The children answered questions of verbal reasoning and numerical, spatial and abstract items. The 1932 Scottish Mental Survey was extraordinary in its scope, yet the data had not been seen or talked about in ages. Did the files still exist?

Professor Whalley tracked them down to a cement bunker in the SCRE's offices in St John Street, Edinburgh. The ledgers and parcels of brown paper tied with string, recorded in copperplate writing, had been preserved intact for nearly 60 years. "This will change our lives," Professor Deary remarked on hearing about the discovery.

What had happened to the brains of the original participants since 1932? They had celebrated more than half a century of experiences and lived through retirement; they might have suffered brain injury, intoxication, learned to play chess or returned to work – a lifetime of cognitive change.

To find out, Professors Deary and Whalley set out to track down some of the original volunteers, now in their late 70s, to invite them to sit the same intelligence tests they took all those years ago.

Local health registers were consulted to track down those men and women who took part in the Scottish Mental Survey of 1932. By 2001, the researchers had traced and retested over 700 of the children who sat those tests: over 230 in Aberdeen and about 550 in Edinburgh.

As well as retaking the original test, the participants were invited to attend the Wellcome Trust Clinical Research Facility in Edinburgh or the Medical School in the University of Aberdeen. Both of these are clinical centres equipped to collect medical data and samples, and perform electrocardiograms and breathing tests. Mental speed tests, hearing tests and in-depth investigations of family histories, social backgrounds, lifestyles, education, demographics, diets and health-related behaviours were all part of the visit. Some of the volunteers also had their brains scanned using magnetic resonance imaging.

Age does not treat everyone equally: some people hold steady or even improve their thinking skills, while the cognitive abilities of others decline with age. The rich array of data collected in Aberdeen and Edinburgh is allowing the researchers to probe the genetic influences and identify the environmental pressures that shape the ageing brain in different individuals.

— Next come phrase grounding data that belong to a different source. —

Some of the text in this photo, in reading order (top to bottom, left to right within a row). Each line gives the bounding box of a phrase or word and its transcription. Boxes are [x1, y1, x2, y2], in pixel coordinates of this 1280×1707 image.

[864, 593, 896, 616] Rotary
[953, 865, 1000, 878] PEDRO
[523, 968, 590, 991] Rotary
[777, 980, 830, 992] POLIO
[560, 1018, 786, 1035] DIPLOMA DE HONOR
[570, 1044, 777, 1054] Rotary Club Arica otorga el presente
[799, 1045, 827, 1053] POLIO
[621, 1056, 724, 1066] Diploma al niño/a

"Knowing the childhood intelligence [of these elderly individuals] gives us the baseline from where to estimate the rate of change," Professor Whalley points out. The Scottish Mental Survey of 1932 provides those valuable early test scores. "That's unique, nobody else has that measure." What's more, the SCRE repeated exactly the same test 15 years later, when on 4 June 1947 it tested over 70 000 children all born in 1936 and at school that day.

Pump it up

While much of cognitive ageing is linked to disease, there are marked differences in normal brain ageing too. IQ is remarkably stable across the lifespan – "If I know their cognitive ability in youth, I've explained 50 per cent of how that group got to their cognitive levels in old age," says Professor Deary – but people with relatively similar mental abilities aged 11 don't always end up with similar abilities aged 80. The researchers observed that some manage to significantly increase their relative IQ standing, proof that it is possible to rack up brainpower beyond childhood potential with mental activity. "Something is pushing them up from where you'd expect them to be based on their childhood ability," he adds.

That something is likely to include education and social class. Educated people have an extra cognitive power that can protect against Alzheimer's disease. People in professional occupations, with a good education and high on the socioeconomic ladder, are more likely than others to reach a ripe old age in relatively good health.

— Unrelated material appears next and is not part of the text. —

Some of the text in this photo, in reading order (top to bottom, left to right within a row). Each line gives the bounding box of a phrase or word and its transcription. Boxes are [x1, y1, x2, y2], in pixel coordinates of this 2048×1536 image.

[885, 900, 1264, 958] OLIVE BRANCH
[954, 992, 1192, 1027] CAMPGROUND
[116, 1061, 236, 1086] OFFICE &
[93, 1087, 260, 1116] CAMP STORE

It's never too late to fight senility, the survey results suggest. Keeping active – mentally and physically – through brain-stimulating activities such as puzzles, draughts or dancing lowers the risks of dementia and keeps normal ageing at bay. It's possible then, to boost the brain's 'cognitive reserve' and stop the cognitive decline of old age.

Hardware hits

The brain's hardware matters too. The main processing in the brain occurs in the grey matter, but the areas of grey matter must be connected up and allowed to talk to each other. This is the crucial role of the white matter, which needs to be intact for quick and accurate thinking.

The brain scans of elderly individuals reveal small, bright scar-like areas in the white matter. These lesions are a normal part of ageing, but after the age of 60, the more scarred the white matter, the poorer the mental abilities. "If you take two people who start at the same IQ level when they are young, the one whose white matter is less intact when they are old will, on average, be cognitively worse off," says Professor Deary.

It seems sensible, then, to avoid the insults. White matter is thought to be damaged by circulatory problems, including high blood pressure, diabetes, heart disease, cardiovascular risk factors and sleep apnoea. It looks as though what is bad for a person's cardiovascular system is also bad for the head.

Genes can also speed up cognitive ageing, and Professor Deary is keen to identify them. His aim, as part of the Genes to Cognition (G2C) neuroscience programme led by Professor Seth Grant at the Wellcome Trust Sanger Institute, is to find some of the genetic variations that lead to individual differences in cognition as people grow older.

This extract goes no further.